— Given entries —
# # # # #

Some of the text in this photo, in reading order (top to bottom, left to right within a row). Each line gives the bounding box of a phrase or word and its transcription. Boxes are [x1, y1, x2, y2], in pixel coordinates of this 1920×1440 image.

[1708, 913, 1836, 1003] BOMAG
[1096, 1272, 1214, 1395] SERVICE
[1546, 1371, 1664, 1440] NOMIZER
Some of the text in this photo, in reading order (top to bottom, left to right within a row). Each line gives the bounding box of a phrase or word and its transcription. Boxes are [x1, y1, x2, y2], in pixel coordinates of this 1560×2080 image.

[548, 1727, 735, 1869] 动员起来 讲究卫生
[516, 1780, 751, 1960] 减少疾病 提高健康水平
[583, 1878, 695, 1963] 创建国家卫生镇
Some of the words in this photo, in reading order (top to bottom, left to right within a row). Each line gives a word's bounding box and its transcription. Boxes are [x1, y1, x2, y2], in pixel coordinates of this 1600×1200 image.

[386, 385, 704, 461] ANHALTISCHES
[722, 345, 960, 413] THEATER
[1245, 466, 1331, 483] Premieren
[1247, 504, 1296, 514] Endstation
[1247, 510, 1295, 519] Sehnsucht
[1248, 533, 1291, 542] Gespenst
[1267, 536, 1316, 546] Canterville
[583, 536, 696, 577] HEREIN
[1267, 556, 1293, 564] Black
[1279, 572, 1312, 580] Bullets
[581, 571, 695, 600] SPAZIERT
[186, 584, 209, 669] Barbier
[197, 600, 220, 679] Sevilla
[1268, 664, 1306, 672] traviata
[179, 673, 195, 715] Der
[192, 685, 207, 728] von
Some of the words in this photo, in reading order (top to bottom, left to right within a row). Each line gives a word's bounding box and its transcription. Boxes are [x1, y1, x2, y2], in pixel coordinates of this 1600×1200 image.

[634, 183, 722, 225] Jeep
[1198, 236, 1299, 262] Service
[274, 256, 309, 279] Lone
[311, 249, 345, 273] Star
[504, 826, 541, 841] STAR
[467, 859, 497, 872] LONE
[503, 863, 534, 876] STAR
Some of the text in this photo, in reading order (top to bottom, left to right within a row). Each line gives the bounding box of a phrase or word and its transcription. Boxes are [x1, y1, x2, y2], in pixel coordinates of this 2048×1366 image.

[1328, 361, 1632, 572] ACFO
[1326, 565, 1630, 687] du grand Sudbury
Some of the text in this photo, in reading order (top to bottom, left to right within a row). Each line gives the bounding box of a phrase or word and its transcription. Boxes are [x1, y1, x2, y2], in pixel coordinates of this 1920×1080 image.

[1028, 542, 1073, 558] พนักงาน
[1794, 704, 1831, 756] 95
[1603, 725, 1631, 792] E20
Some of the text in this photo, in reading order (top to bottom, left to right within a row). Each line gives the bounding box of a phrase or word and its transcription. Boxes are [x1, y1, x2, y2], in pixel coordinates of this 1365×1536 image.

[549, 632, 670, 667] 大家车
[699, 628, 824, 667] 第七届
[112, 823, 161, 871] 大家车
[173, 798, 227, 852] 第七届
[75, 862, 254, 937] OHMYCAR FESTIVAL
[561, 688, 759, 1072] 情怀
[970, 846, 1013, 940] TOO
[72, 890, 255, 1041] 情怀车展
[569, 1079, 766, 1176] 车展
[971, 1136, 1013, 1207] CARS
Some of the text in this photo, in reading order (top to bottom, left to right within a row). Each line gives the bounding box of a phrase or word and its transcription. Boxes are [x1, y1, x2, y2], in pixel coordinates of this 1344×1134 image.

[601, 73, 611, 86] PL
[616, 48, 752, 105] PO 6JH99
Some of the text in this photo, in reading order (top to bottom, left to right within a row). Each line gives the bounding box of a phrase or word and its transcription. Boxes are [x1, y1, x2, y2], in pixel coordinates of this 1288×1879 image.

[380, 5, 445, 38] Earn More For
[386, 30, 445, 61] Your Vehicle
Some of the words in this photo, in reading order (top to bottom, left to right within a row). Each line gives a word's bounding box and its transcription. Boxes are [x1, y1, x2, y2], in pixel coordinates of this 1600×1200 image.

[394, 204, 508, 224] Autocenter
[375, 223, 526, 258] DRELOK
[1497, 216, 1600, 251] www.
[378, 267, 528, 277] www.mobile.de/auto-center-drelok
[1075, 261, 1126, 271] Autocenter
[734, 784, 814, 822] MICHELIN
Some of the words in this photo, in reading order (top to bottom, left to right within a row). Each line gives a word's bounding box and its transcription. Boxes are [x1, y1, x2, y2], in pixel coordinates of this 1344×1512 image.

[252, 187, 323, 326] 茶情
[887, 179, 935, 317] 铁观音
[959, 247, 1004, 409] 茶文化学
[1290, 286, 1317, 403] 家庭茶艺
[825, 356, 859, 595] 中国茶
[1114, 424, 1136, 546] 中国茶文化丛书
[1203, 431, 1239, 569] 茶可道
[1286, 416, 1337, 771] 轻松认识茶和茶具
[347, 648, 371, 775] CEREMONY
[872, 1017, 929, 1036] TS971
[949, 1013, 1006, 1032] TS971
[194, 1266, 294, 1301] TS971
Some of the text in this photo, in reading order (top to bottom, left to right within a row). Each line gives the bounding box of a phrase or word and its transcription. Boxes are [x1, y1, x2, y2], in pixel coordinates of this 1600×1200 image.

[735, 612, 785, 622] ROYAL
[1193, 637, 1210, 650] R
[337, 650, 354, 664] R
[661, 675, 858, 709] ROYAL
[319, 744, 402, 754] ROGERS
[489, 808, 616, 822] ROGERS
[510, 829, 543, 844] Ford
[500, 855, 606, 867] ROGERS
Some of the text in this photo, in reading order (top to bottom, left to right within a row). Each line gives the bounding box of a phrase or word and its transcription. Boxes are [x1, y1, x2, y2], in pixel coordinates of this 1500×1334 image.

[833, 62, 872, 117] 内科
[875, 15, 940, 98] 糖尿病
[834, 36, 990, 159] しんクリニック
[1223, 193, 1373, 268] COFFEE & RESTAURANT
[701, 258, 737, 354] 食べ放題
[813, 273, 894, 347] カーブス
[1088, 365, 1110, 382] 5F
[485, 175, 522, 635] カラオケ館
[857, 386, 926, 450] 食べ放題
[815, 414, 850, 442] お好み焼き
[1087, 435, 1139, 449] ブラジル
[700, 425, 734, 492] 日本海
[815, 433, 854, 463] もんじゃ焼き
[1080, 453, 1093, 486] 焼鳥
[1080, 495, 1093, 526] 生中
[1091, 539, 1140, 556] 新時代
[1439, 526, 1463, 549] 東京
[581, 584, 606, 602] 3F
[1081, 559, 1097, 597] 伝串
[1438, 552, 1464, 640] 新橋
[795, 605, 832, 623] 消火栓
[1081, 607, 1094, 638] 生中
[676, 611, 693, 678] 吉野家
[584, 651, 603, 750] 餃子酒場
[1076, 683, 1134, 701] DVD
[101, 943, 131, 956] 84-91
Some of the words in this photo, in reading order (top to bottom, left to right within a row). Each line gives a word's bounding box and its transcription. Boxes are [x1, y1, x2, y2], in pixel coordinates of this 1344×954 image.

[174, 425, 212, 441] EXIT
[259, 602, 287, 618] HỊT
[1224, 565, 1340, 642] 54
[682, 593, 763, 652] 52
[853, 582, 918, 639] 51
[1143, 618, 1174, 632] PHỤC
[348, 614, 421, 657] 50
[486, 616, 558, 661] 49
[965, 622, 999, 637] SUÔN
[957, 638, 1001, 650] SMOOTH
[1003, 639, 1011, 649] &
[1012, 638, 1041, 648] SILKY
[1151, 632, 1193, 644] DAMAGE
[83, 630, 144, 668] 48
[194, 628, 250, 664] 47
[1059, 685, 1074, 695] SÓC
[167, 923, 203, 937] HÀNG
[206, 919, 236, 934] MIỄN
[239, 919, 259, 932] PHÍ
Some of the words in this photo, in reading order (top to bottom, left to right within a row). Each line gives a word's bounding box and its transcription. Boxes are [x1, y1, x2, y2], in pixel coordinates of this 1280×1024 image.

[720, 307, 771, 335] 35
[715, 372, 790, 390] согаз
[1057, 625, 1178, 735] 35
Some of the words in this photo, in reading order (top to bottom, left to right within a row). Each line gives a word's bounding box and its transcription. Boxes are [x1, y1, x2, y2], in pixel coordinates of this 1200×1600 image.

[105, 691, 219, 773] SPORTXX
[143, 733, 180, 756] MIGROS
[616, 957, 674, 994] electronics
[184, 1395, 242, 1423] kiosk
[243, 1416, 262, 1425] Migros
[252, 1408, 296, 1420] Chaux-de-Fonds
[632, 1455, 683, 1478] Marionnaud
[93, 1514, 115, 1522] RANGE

# # # # #

— Goal of the exercise —
Exactly the lines from the one holding "this 1280×1024 image." through the end of the data are to be repeated, with both ends included.

— Task output —
Some of the words in this photo, in reading order (top to bottom, left to right within a row). Each line gives a word's bounding box and its transcription. Boxes are [x1, y1, x2, y2], in pixel coordinates of this 1280×1024 image.

[720, 307, 771, 335] 35
[715, 372, 790, 390] согаз
[1057, 625, 1178, 735] 35
Some of the words in this photo, in reading order (top to bottom, left to right within a row). Each line gives a word's bounding box and its transcription. Boxes are [x1, y1, x2, y2], in pixel coordinates of this 1200×1600 image.

[105, 691, 219, 773] SPORTXX
[143, 733, 180, 756] MIGROS
[616, 957, 674, 994] electronics
[184, 1395, 242, 1423] kiosk
[243, 1416, 262, 1425] Migros
[252, 1408, 296, 1420] Chaux-de-Fonds
[632, 1455, 683, 1478] Marionnaud
[93, 1514, 115, 1522] RANGE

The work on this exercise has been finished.